Of the records below, reproduce only the span that opens with the line containing "this 1600×2133 image." and closes with the last line.

### Records shown
-*-

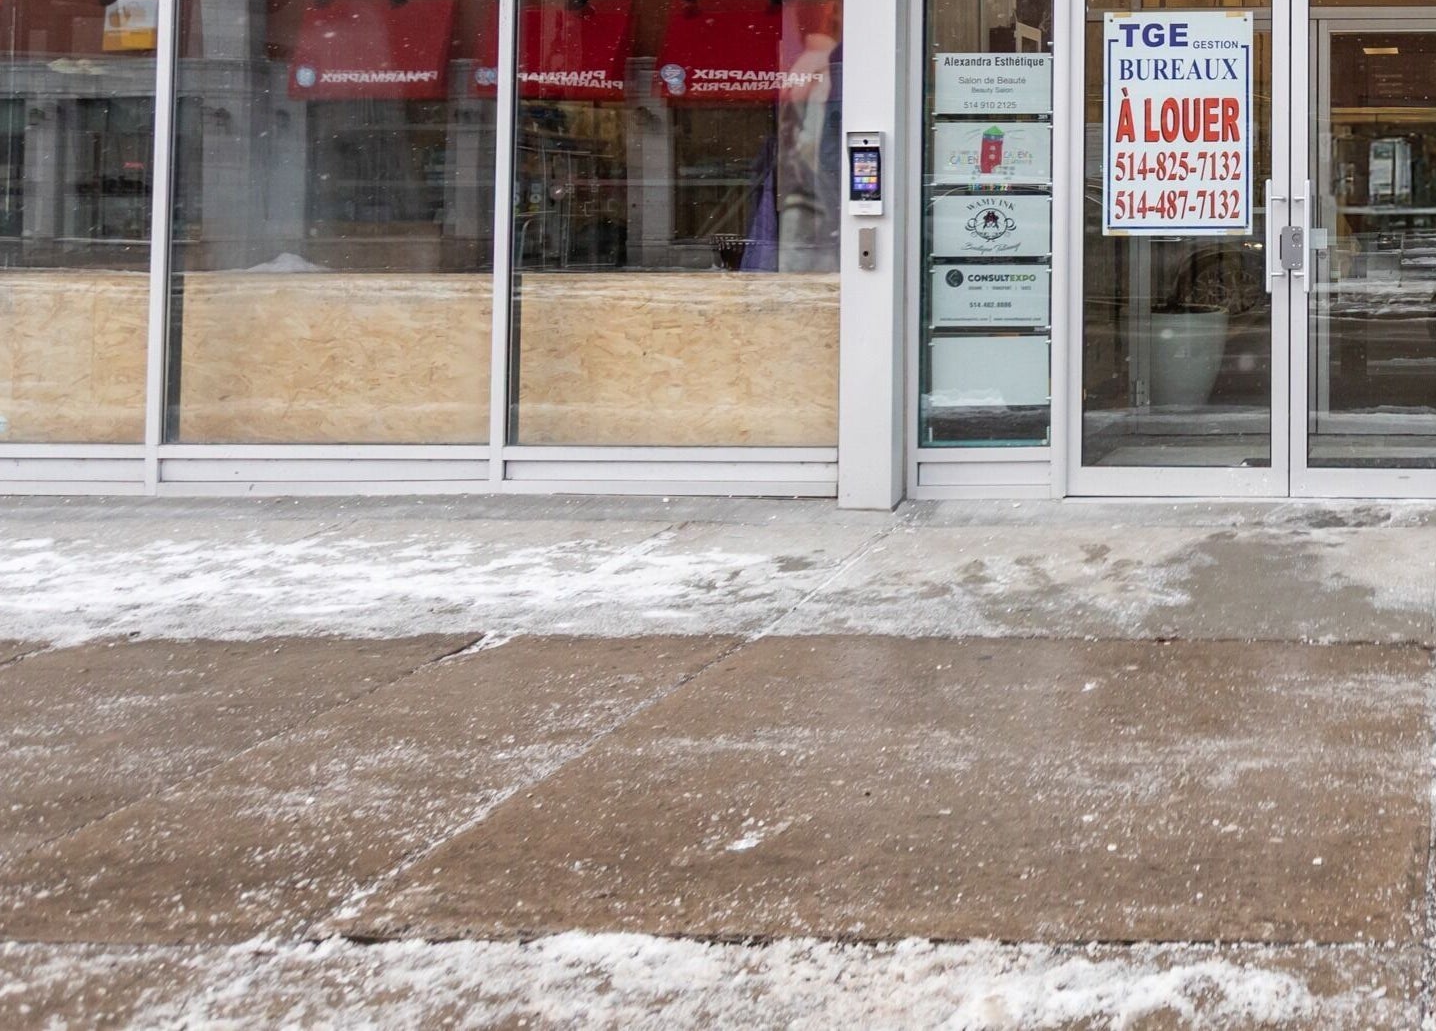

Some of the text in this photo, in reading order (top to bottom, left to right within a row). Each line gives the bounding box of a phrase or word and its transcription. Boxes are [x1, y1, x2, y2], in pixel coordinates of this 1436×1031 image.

[1119, 23, 1239, 49] TGE GESTION
[944, 56, 1044, 68] Alexandra Esthétique
[1119, 58, 1238, 81] BUREAUX
[958, 76, 1026, 84] Salon de Beauté
[963, 101, 1018, 109] 514 910 2125
[1115, 87, 1241, 143] À LOUER
[1115, 151, 1241, 181] 514-825-7132
[966, 198, 1015, 211] WAMY INK
[1115, 190, 1240, 219] 514-487-7132
[967, 274, 1037, 282] CONSULTEXPO
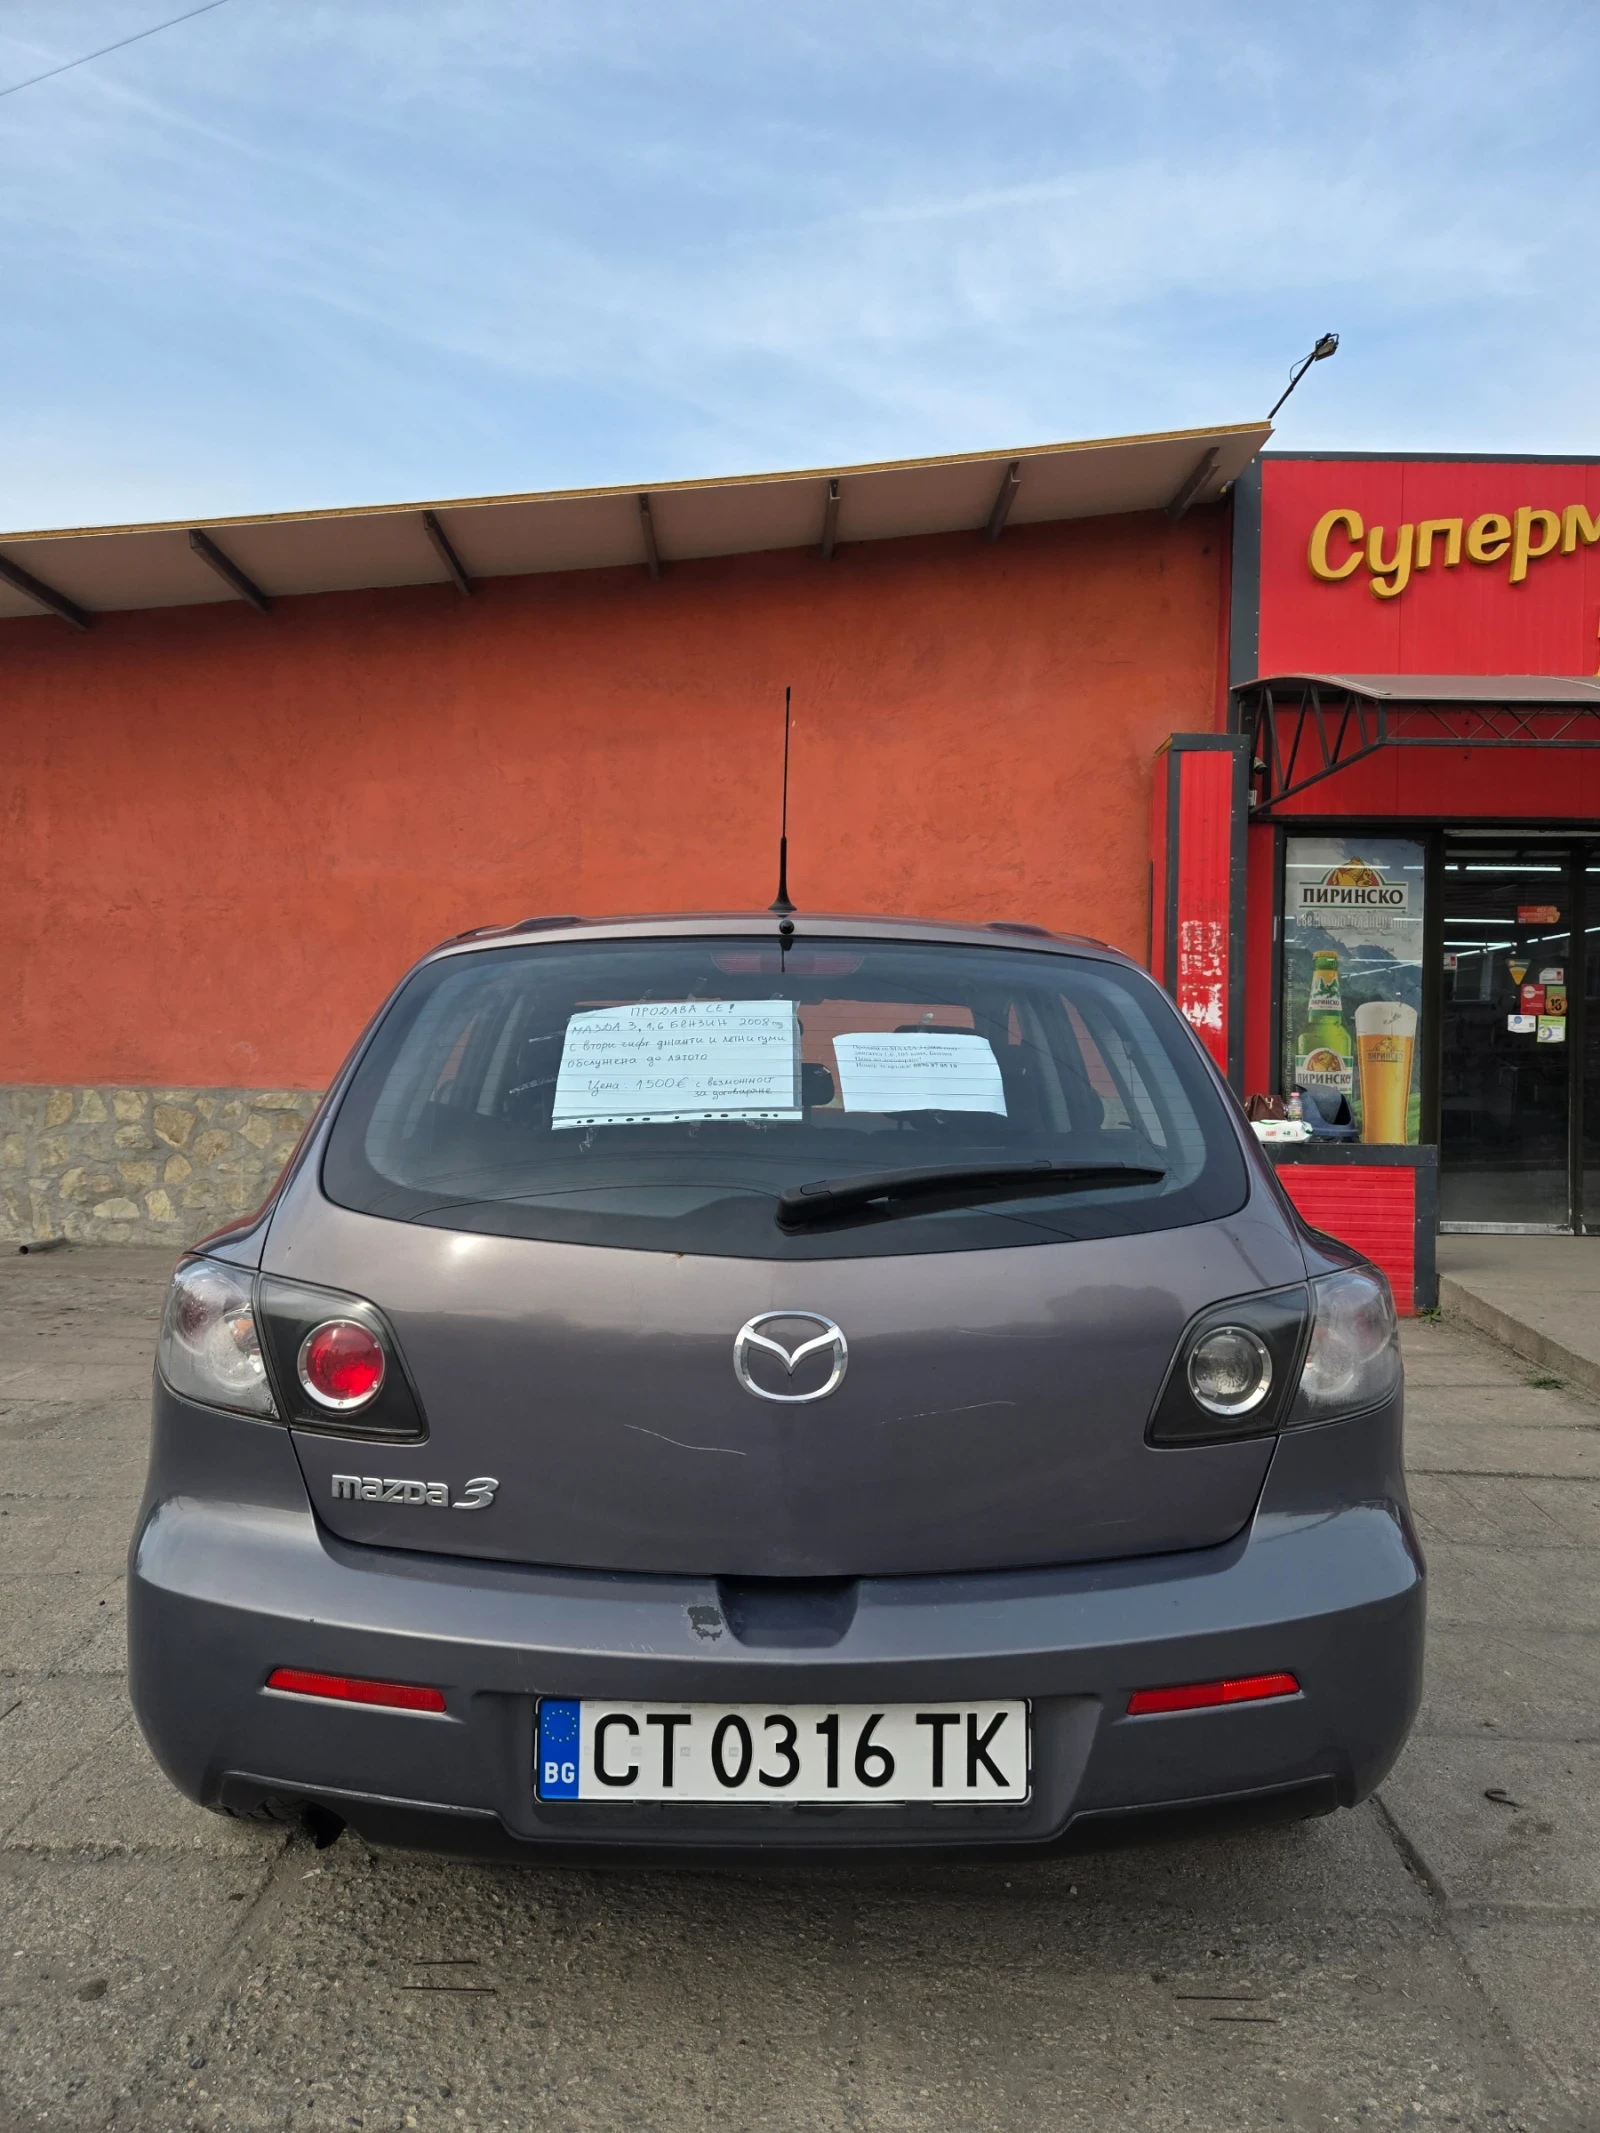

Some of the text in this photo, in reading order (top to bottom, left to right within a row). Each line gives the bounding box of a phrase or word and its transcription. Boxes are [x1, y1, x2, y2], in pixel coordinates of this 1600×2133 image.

[1302, 888, 1404, 905] ПИРИНСКО
[630, 1004, 697, 1017] ПРОДАВА
[571, 1021, 621, 1034] МАЗДА
[739, 1017, 770, 1028] 2008
[583, 1040, 617, 1052] втори
[656, 1037, 705, 1052] джанти
[646, 1055, 662, 1068] до
[667, 1052, 708, 1062] лятото
[1368, 1052, 1403, 1060] ПИРИНСКО
[636, 1076, 690, 1091] 1500€
[692, 1090, 707, 1099] за
[453, 1477, 500, 1510] 3
[593, 1711, 1010, 1788] CT 0316 TK
[543, 1761, 576, 1785] BG

-*-

### Completed task
Some of the text in this photo, in reading order (top to bottom, left to right within a row). Each line gives the bounding box of a phrase or word and its transcription. Boxes are [x1, y1, x2, y2], in pixel coordinates of this 1600×2133 image.

[1302, 888, 1404, 905] ПИРИНСКО
[630, 1004, 697, 1017] ПРОДАВА
[571, 1021, 621, 1034] МАЗДА
[739, 1017, 770, 1028] 2008
[583, 1040, 617, 1052] втори
[656, 1037, 705, 1052] джанти
[646, 1055, 662, 1068] до
[667, 1052, 708, 1062] лятото
[1368, 1052, 1403, 1060] ПИРИНСКО
[636, 1076, 690, 1091] 1500€
[692, 1090, 707, 1099] за
[453, 1477, 500, 1510] 3
[593, 1711, 1010, 1788] CT 0316 TK
[543, 1761, 576, 1785] BG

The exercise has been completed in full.